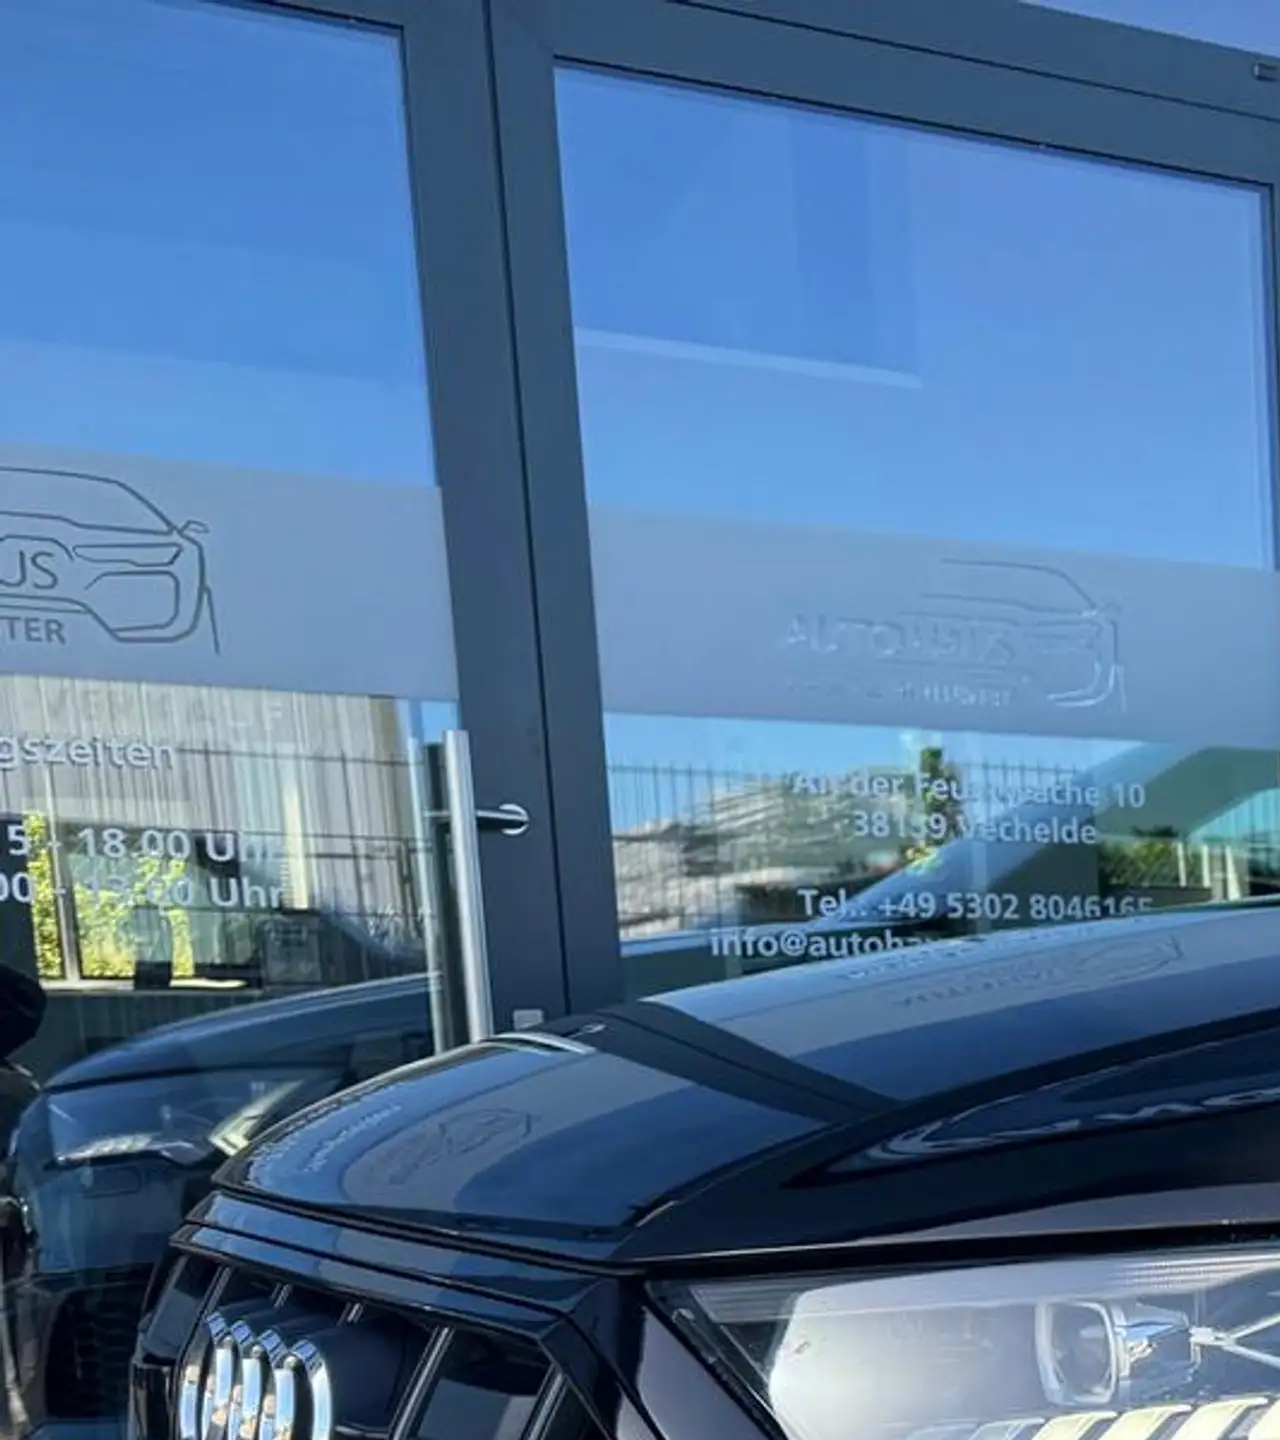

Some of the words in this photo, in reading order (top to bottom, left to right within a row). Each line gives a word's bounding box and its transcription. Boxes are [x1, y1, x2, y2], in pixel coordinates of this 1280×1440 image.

[850, 772, 904, 796] der
[1113, 783, 1147, 809] 10
[207, 874, 284, 909] Uhr
[878, 891, 937, 919] +49
[945, 892, 1019, 920] 5302
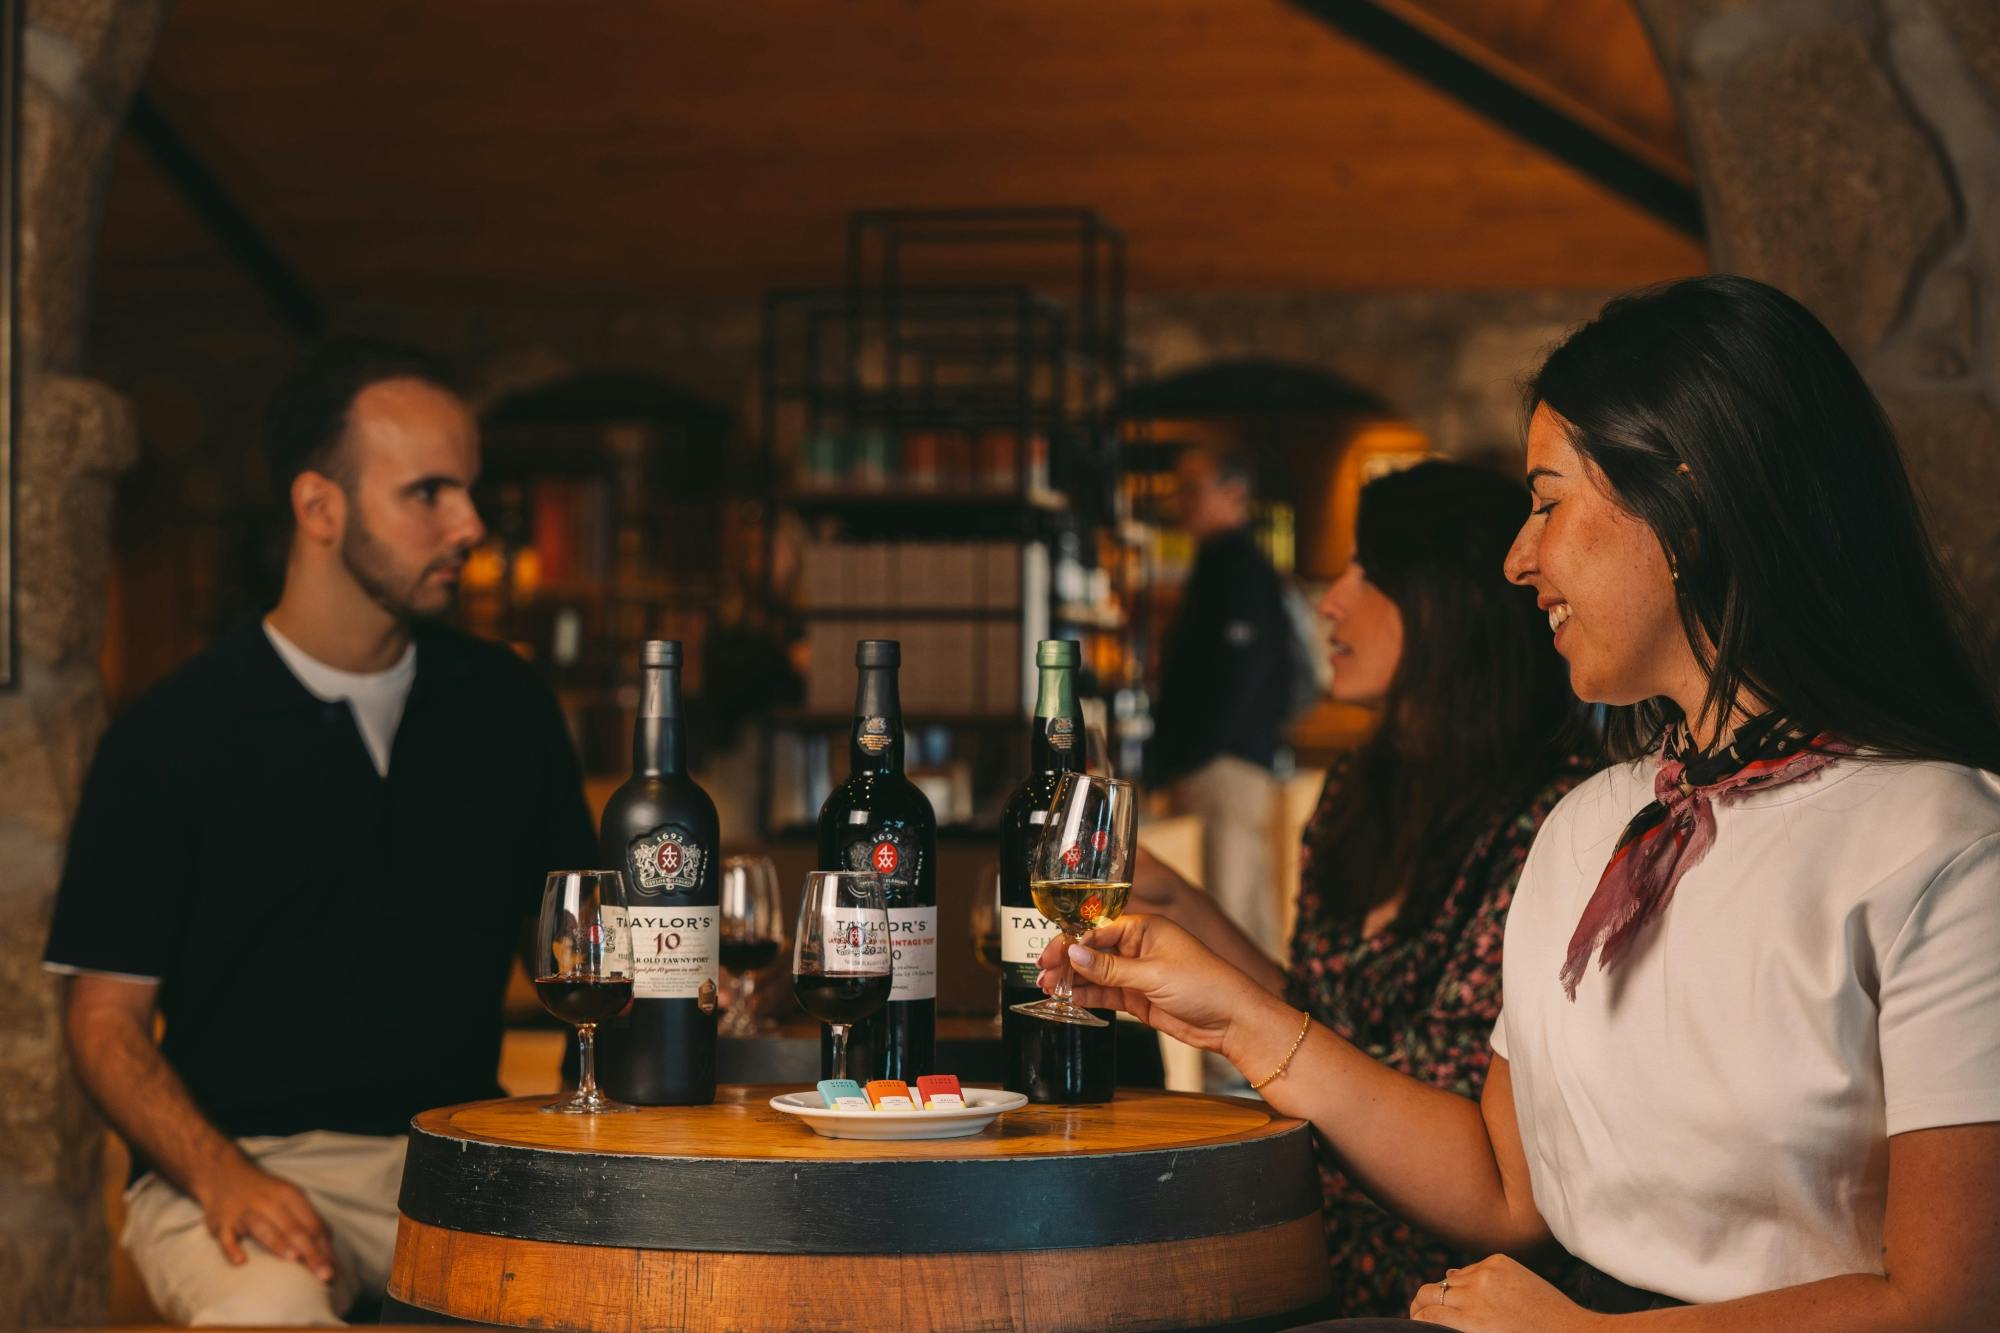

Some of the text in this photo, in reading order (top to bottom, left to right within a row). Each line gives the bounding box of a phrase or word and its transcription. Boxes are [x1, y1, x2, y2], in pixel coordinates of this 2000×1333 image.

[656, 832, 683, 843] 1692
[873, 833, 899, 844] 1692
[653, 932, 681, 956] 10
[643, 956, 660, 965] OLD
[663, 956, 691, 965] TAWNY

▶ **TASK DETAILS**
Set the data above down again exactly as given, with no pictures.

▶ **EXERCISE RESPONSE**
Some of the words in this photo, in reading order (top to bottom, left to right within a row). Each line gives a word's bounding box and its transcription. Boxes are [x1, y1, x2, y2], in pixel coordinates of this 1280×1440 image.

[850, 772, 904, 796] der
[1113, 783, 1147, 809] 10
[207, 874, 284, 909] Uhr
[878, 891, 937, 919] +49
[945, 892, 1019, 920] 5302

Some of the text in this photo, in reading order (top to bottom, left to right within a row). Each line gives the bounding box of a phrase or word and its transcription. Boxes are [x1, y1, x2, y2], in pixel coordinates of this 2000×1333 image.

[656, 832, 683, 843] 1692
[873, 833, 899, 844] 1692
[653, 932, 681, 956] 10
[643, 956, 660, 965] OLD
[663, 956, 691, 965] TAWNY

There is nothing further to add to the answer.